In some cases, the polymeric membrane may include a molecularly-imprinted polymer (MIP) specific for 4-NCS. The MIP may be designed to have a high affinity for 4-NCS, potentially enhancing the selectivity of the ion-selective electrode for this compound. This high selectivity may improve the sensitivity of the analytical device, potentially allowing for the detection and quantification of a wide range of ARSA activity levels. Furthermore, the use of a MIP specific for 4-NCS may reduce the likelihood of interference from other compounds present in the sample, potentially improving the selectivity and overall performance of the analytical device. The polymeric membrane may be applied to the ion-selective electrode during the fabrication of the analytical device. This application may be performed using various techniques, such as spin coating, dip coating, spray coating, contact printing, contact transfer or direct lamination. The choice of technique may depend on various factors, including but not limited to the properties of the polymeric membrane, the characteristics of the ion-selective electrode, and the desired performance characteristics of the analytical device. Regardless of the technique used, the application of the polymeric membrane to the ion-selective electrode may be performed in a manner that ensures a uniform and stable interface, potentially contributing to the consistency, selectivity, and reliability of the analytical device measurements.

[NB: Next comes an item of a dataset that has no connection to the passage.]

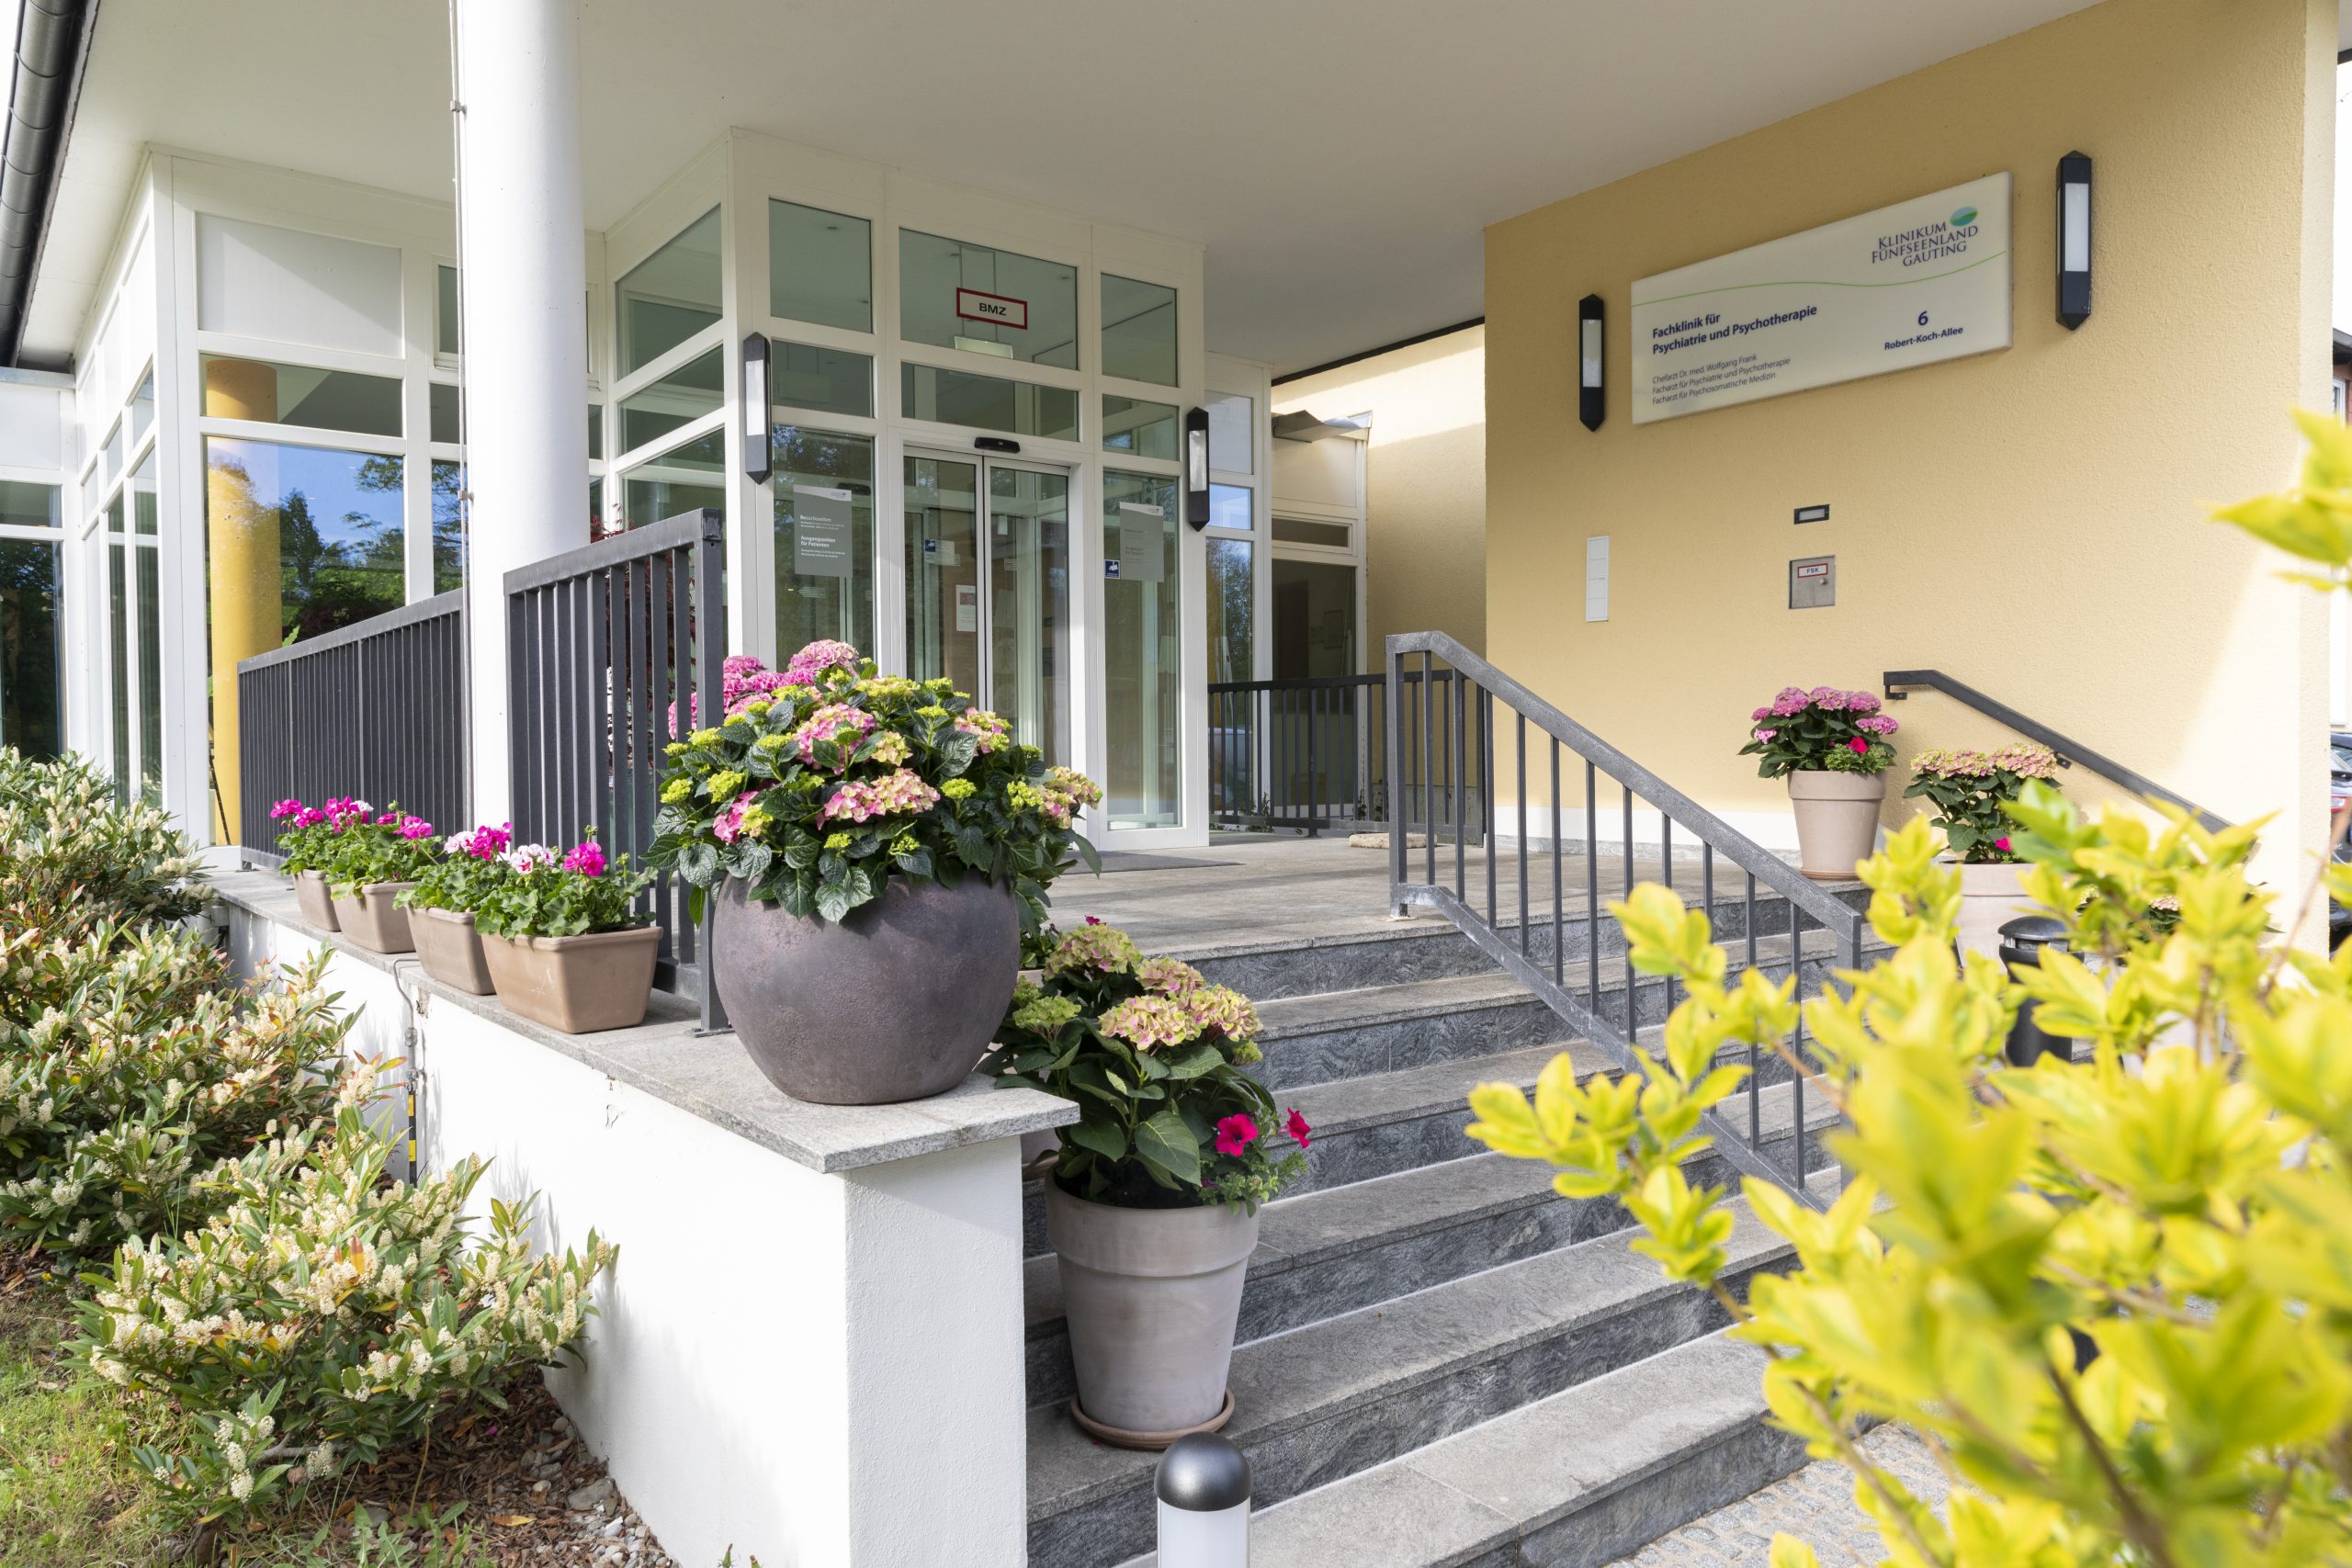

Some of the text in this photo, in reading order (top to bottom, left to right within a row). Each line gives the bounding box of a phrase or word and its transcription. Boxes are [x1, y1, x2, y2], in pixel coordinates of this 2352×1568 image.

The paper-based analytical device may be configured to operate under specific conditions for monitoring ARSA activity. For instance, the analytical device may be designed to function at a temperature of 37° C. This temperature may be particularly suitable for biological samples, such as blood serum and whole blood, as it closely mimics the human body temperature. In addition to temperature, the analytical device may also be configured to operate at a specific pH. In some cases, the analytical device may function at a pH of 5.0. This pH level may be ideal for the detection and measurement of ARSA activity levels, as it may provide an environment that facilitates the interaction between the ion-selective electrode and 4-NCS, a compound indicative of ARSA activity levels.

The analytical device may be capable of providing results from actual serum and whole blood samples that are equivalent to those obtained from conventional standard methods. This capability may be particularly beneficial in clinical settings, where accurate and reliable results are paramount. The ability of the analytical device to provide equivalent results may be attributed to its design and operational characteristics, including but not limited to the use of carbon nanotubes and r-GO in the electrodes, the integration of a solid-contact potentiometric sensor for ARSA, and the application of a polymeric membrane to the ion-selective electrode. The analytical device may be disposable after a single use. This operational characteristic may offer several advantages. For instance, it may eliminate the risk of cross-contamination between samples, which may be particularly beneficial in clinical and environmental settings. Additionally, the disposability of the analytical device may simplify its use, as it may not require cleaning or maintenance after use. This feature may make the analytical device particularly suitable for use in field testing or in settings where access to cleaning facilities may be limited.

The paper-based analytical device may be capable of providing results from actual serum and whole blood samples. These samples may be applied directly to the ion-selective electrode of the analytical device without the use of mediators or pretreatment. This direct application may simplify the operation of the analytical device, potentially making it more user-friendly and accessible to a wide range of users, including those without specialized training or equipment.

The analytical device may measure the potential difference between the reference electrode and the ion-selective electrode in the presence of the sample. This measurement may be performed without the use of mediators or pretreatment of the sample, potentially simplifying the operation of the analytical device and reducing the risk of errors or inaccuracies due to sample manipulation.